*** Study material ***
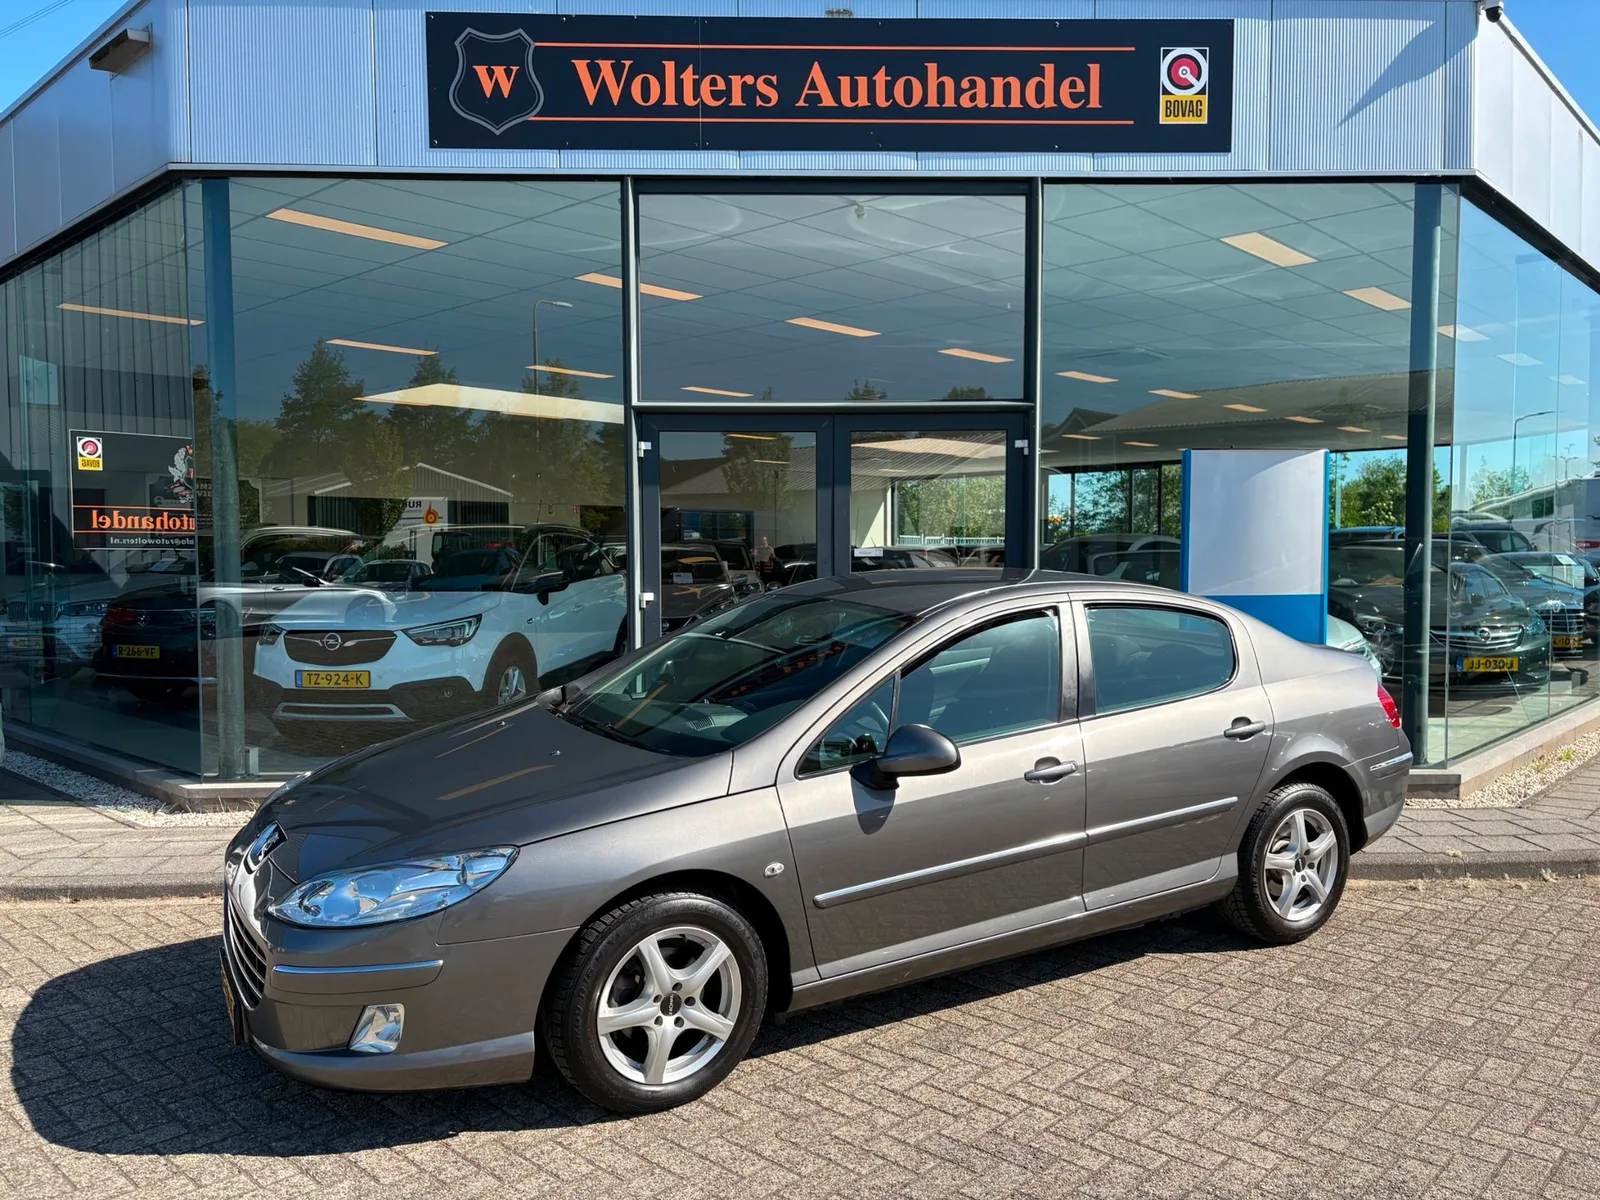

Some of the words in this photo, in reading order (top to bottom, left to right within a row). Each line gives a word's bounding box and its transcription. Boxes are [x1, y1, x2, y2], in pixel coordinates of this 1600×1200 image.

[472, 65, 520, 99] W
[571, 59, 779, 107] Wolters
[795, 60, 1102, 109] Autohandel
[1164, 99, 1203, 118] BOVAG
[306, 673, 364, 686] TZ-924-K
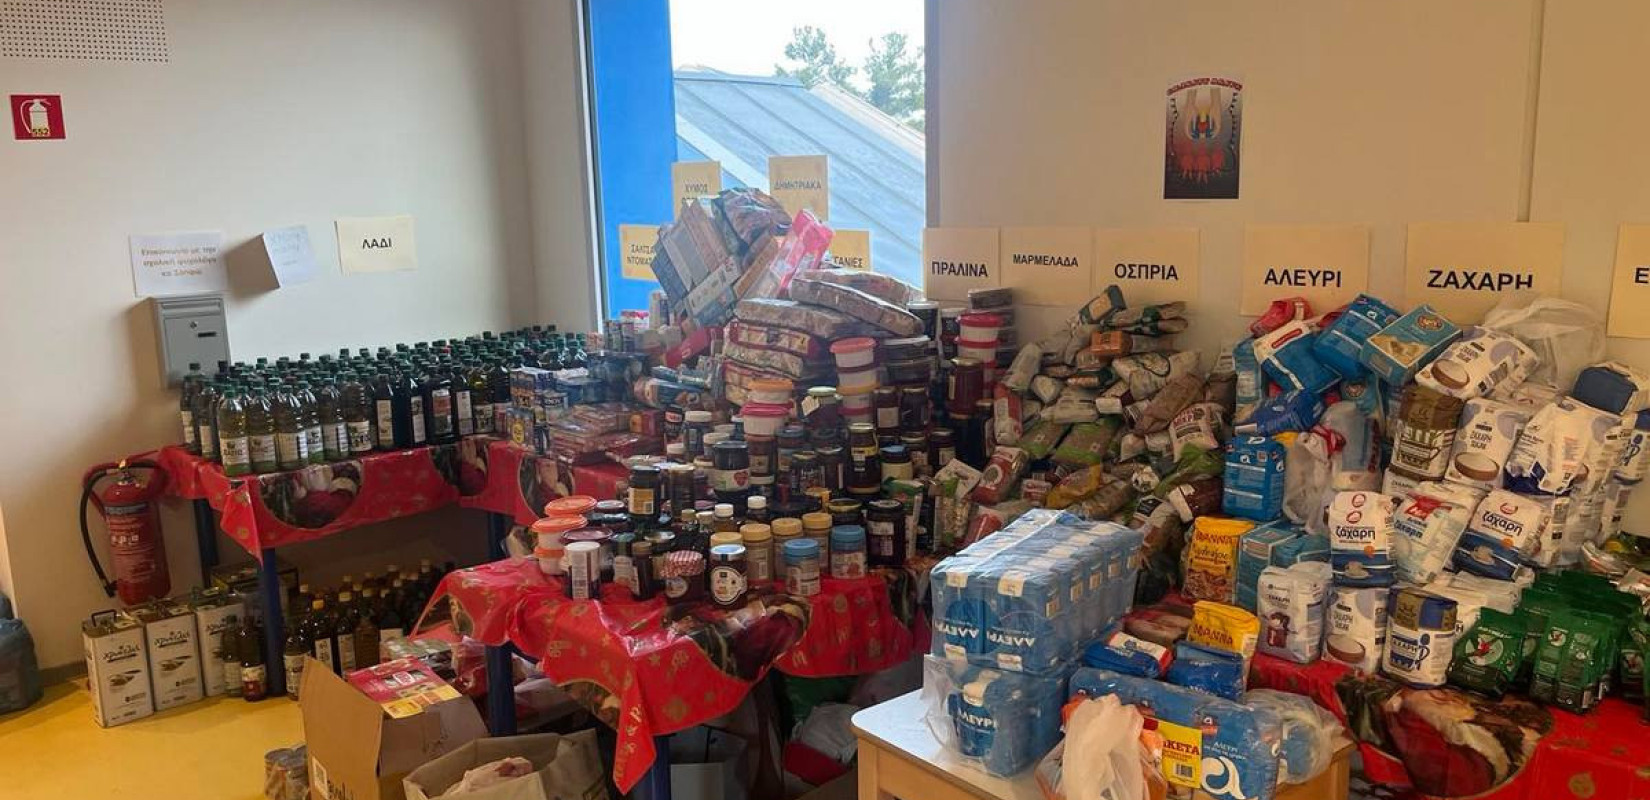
*** End of Study material ***
▸ **Task description**: Where the data includes pictures, leave them out and write out everything else exactly.

▸ **Response to the exercise**:
Some of the words in this photo, in reading order (top to bottom, left to right within a row). Each line gives a word's bounding box and its transcription. Boxes are [x1, y1, x2, y2], in pixel coordinates of this 1600×1200 image.

[472, 65, 520, 99] W
[571, 59, 779, 107] Wolters
[795, 60, 1102, 109] Autohandel
[1164, 99, 1203, 118] BOVAG
[306, 673, 364, 686] TZ-924-K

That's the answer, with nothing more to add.